The Checking Integrated Circuit (CIC), also known as the 10NES system, is a lockout chip designed by Nintendo for the Nintendo Entertainment System (NES) video game console in 1985; the chip is part of a system known as 10NES, in which a key (which is stored in the game) is used by the lock (stored in the console) to check that the game is authentic and that the game is for the same region as the console.

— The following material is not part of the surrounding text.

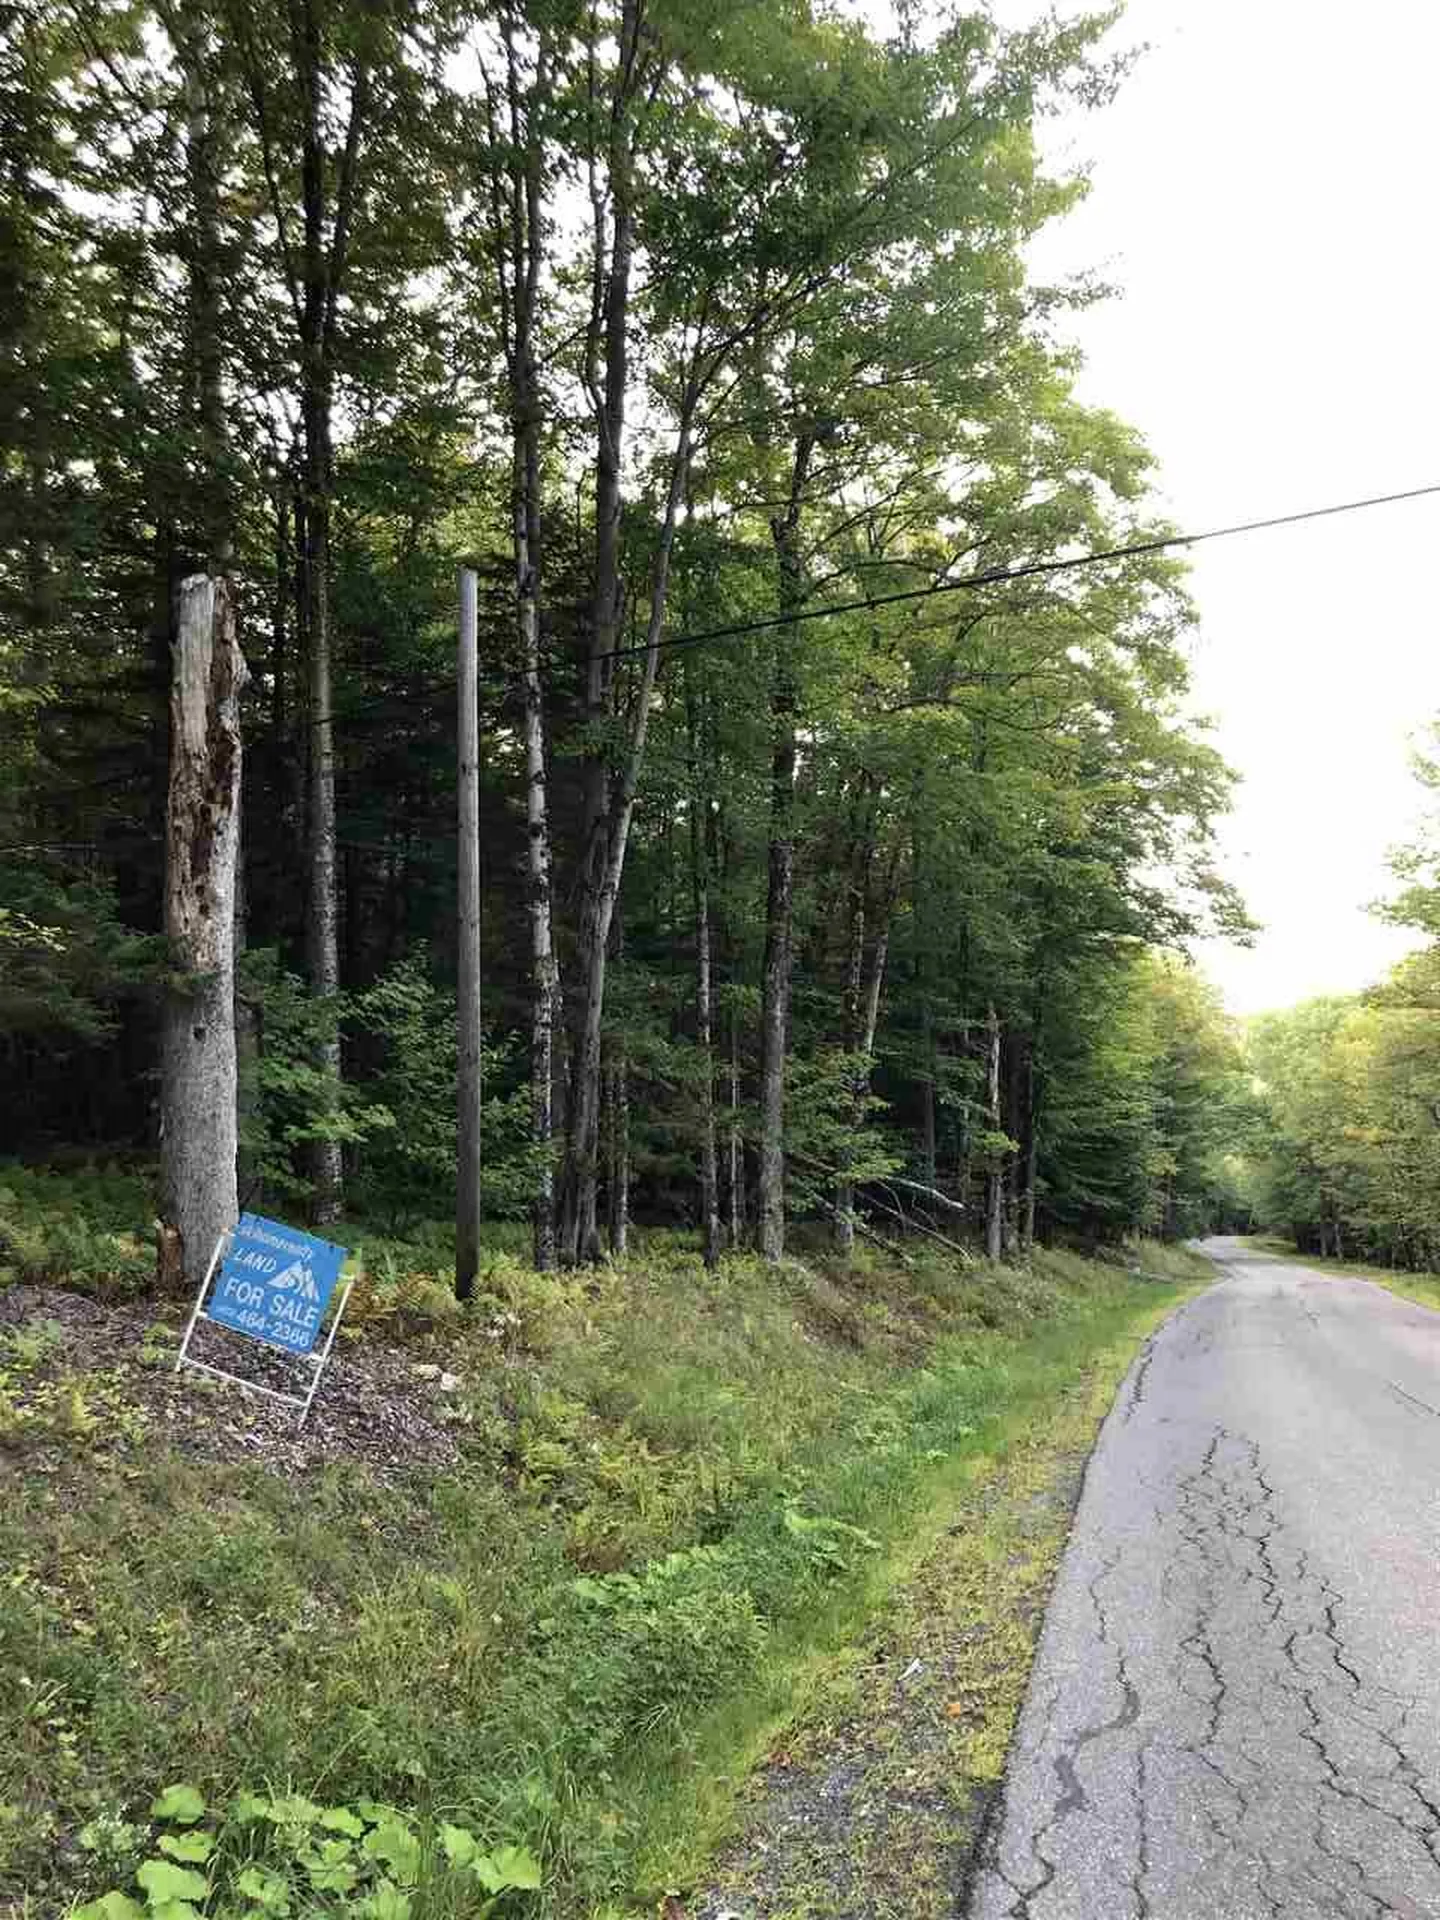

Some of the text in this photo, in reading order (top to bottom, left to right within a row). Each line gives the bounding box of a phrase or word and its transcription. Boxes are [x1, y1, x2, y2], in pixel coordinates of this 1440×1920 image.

The chip was designed in response to the North American video game crash of 1983, which was partially the result of a lack of both publishing and quality control; the idea was that by forcing third-party developers to have their games go through an approval process, Nintendo could stop shovelware from entering the market. Improved designs of the CIC chip were also used in the later Super Nintendo Entertainment System and the Nintendo 64, although running an updated security program that performs additional checks.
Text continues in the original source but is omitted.